Onibaba is a stark and haunting film by Kaneto Shindo that highlights the desperation and famine of peasants left behind in war and the animalism that stems from it. A mother (Nobuko Otawa) and daughter-in-law (Jitsuko Yoshimura) await the return of their son and husband Kaito. Without the means to survive on their own, they have taken up killing. They murder the samurai that find themselves lost and tired from the susuki. Together, they steal the samurai’s belongings and sell them. Their interaction is based in necessity rather than a mutual bond. Kaito’s friend and fellow samurai Hachi (Kei Sato) soon returns with bad news (which he reveals with near indifference); Kaito is dead. In the aftermath of this news, the daughter-in-law finds herself quickly drifting towards Hachi’s advances, as the mother clings onto her only remaining connection and faces her repressed sexual desire.
At first, the mother and daughter-in-law are defined by their famine. As the film continues, it becomes clear that the mother is, a surprisingly complex character. She has a hard exterior which remains prevalent throughout most of the film. In the latter half, there are moments that provide deeper insight into the character. Nobuko Otawa shows us the layers of loneliness and repressed sexual desire that exist underneath her character’s temperamental attitude. After seeing her daughter-in-law and Hachi having sex, Otawa frantically clings to a nearby tree; it is all she has in a moment of overwhelming longing. In another scene, late in the film, she claims “I’ve never really seen anything beautiful since the day I was born”. The line itself is a solemn one but Otawa angrily delivers it, revealing a need to cover up tragic self-realizations with something stronger than the implications that come with saying it.
The use of the susuki grass is vital to the film for several reasons. Shindo and cinematographer Kiyomi Kuroda shoot the grass in long shots which swallow up the actors. Much more often, the grass is filmed in close-up. These shots are either sped up or slowed down. The effect is that, in addition to seeing how the grass envelopes the characters, it also envelopes the audience, aligning us with how the characters’ feel in their environment. Every time the daughter-in-law goes out at night to visit Hachi, there are shots of her running through the grass to get to him. These scenes physically represent desire as she joyously runs against the grass to fulfill her needs. The grass also allows the mother and daughter-in-law to murder. It also gets the mother out of a dangerous situation late in the film. The susuki grass is vital for thematic, atmospheric and narrative reasons.
The characters in Onibaba live in a claustrophobic and cut-off world and Shindo explores the animalism and essential human elements that arise through the desperate circumstances of the characters.

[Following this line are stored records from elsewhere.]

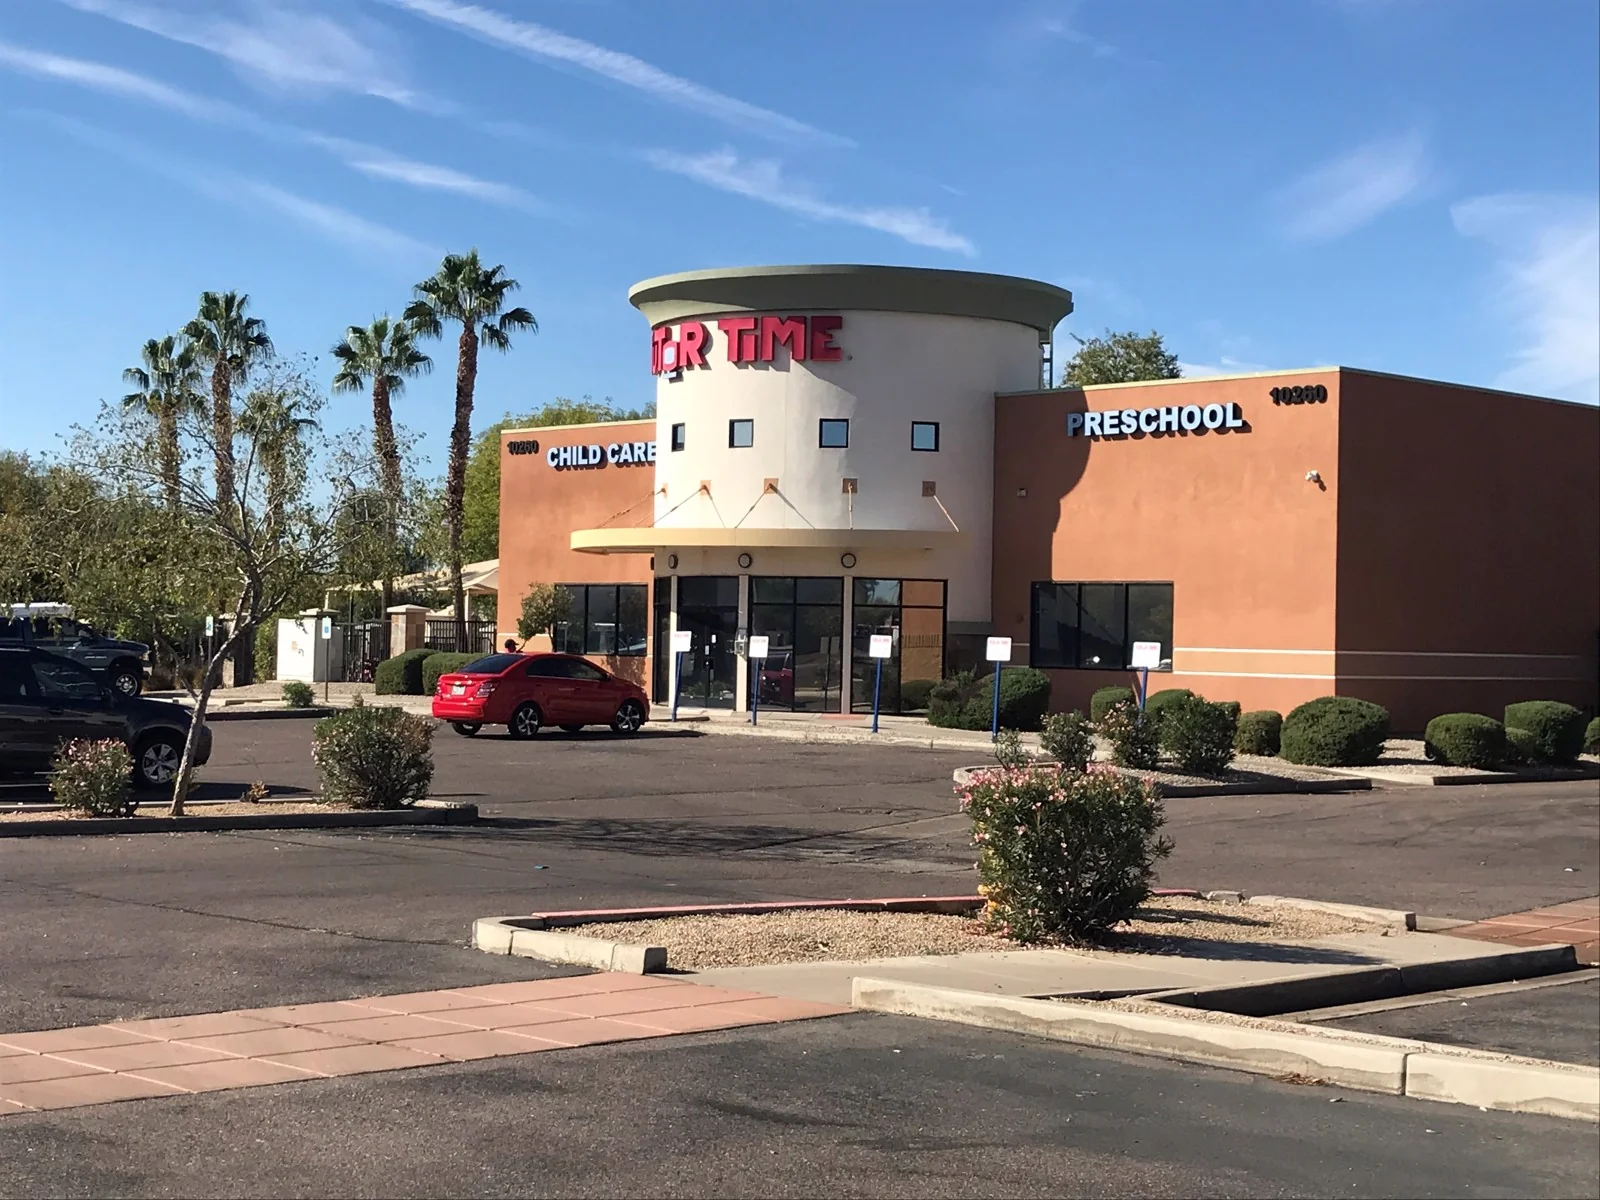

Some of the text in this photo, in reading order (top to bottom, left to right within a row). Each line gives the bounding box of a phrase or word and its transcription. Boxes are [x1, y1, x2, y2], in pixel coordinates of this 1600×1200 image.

[1270, 386, 1326, 404] 10260
[1067, 403, 1243, 437] PRESCHOOL
[508, 441, 538, 454] 10260
[547, 441, 656, 467] CHILD CARE
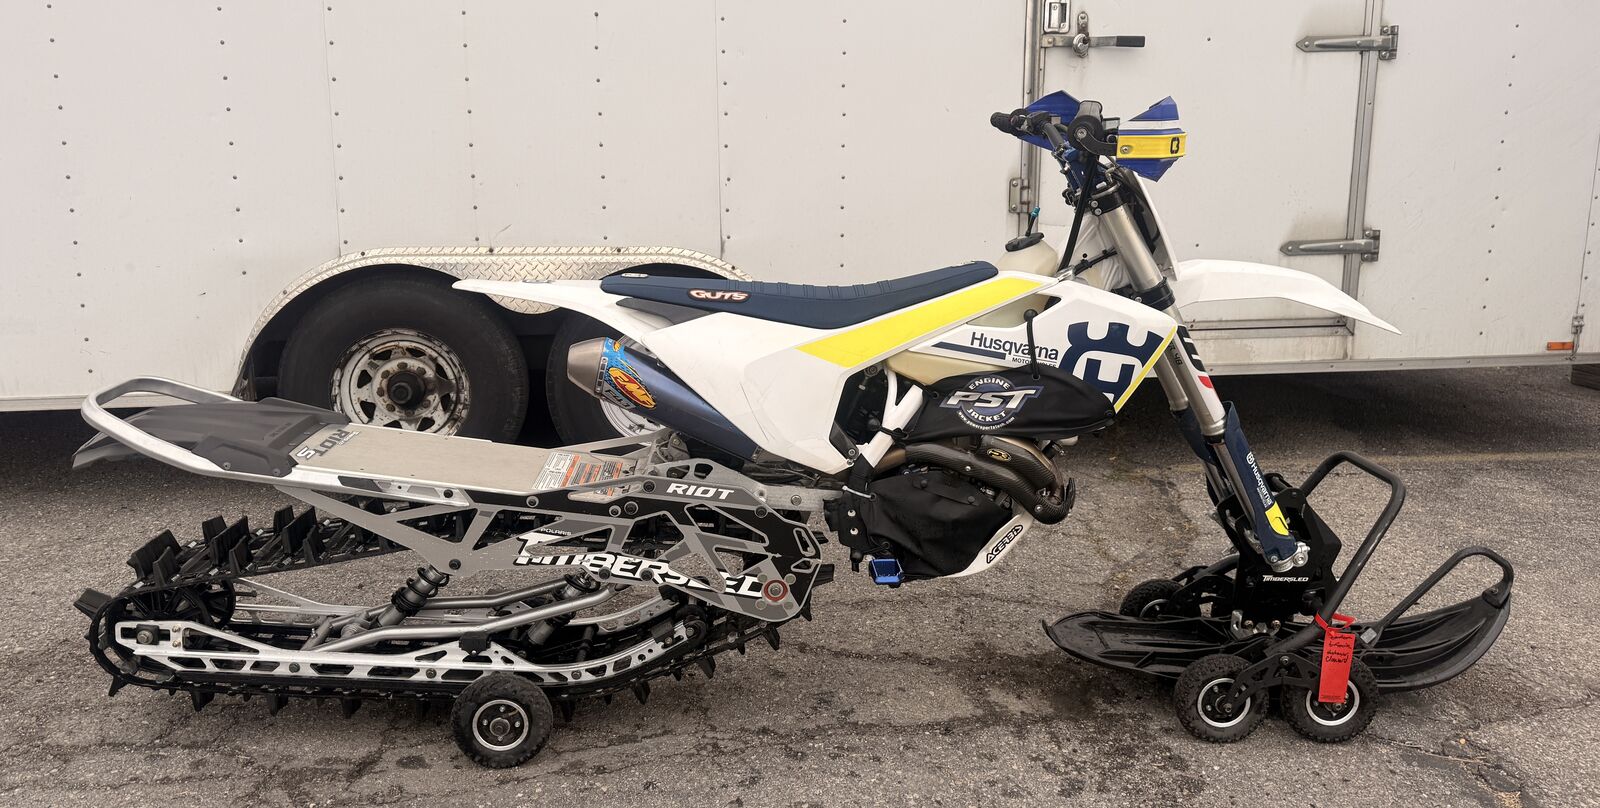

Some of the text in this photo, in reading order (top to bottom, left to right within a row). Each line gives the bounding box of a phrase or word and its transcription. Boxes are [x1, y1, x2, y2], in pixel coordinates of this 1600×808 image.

[689, 289, 749, 301] GUTS
[968, 377, 1011, 390] ENGINE
[946, 389, 1037, 409] PST
[966, 408, 1007, 422] JACKET
[666, 482, 735, 500] RIOT
[1251, 463, 1273, 506] Husqvarna
[540, 527, 572, 536] POLARIS
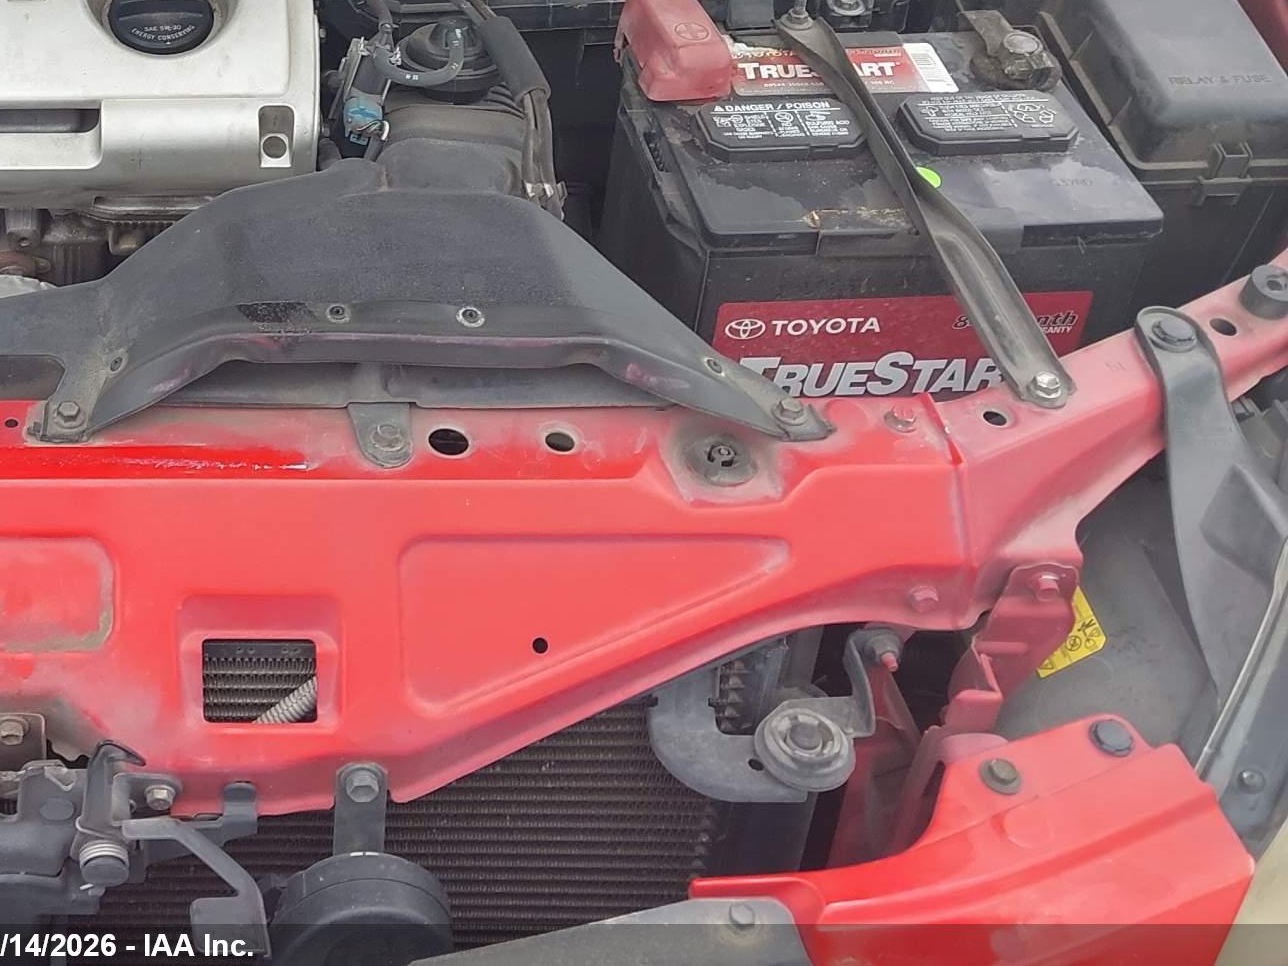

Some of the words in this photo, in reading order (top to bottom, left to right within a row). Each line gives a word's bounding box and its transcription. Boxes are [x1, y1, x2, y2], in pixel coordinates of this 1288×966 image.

Hikaru Hayashi’s score combines an expected Japanese traditionalism with a booming dose the more experimental aspects of jazz. The result is a prehistoric jungle sound that parallels the animalistic themes.
In the final ten minutes, the film reaches its unsettling conclusion. With or without the knowledge that Shindo used the mask (central to the plot) as a symbol for the victims of the Hiroshima bombing, the final reel is hard to shake. His political statement might be melodramatically executed but that is precisely why it works. The director wants to make sure the final image of Onibaba literally jumps out to the audience. His efforts pay off, as the last line of dialogue provides what must surely be one of the great film endings in a consistently first-rate film.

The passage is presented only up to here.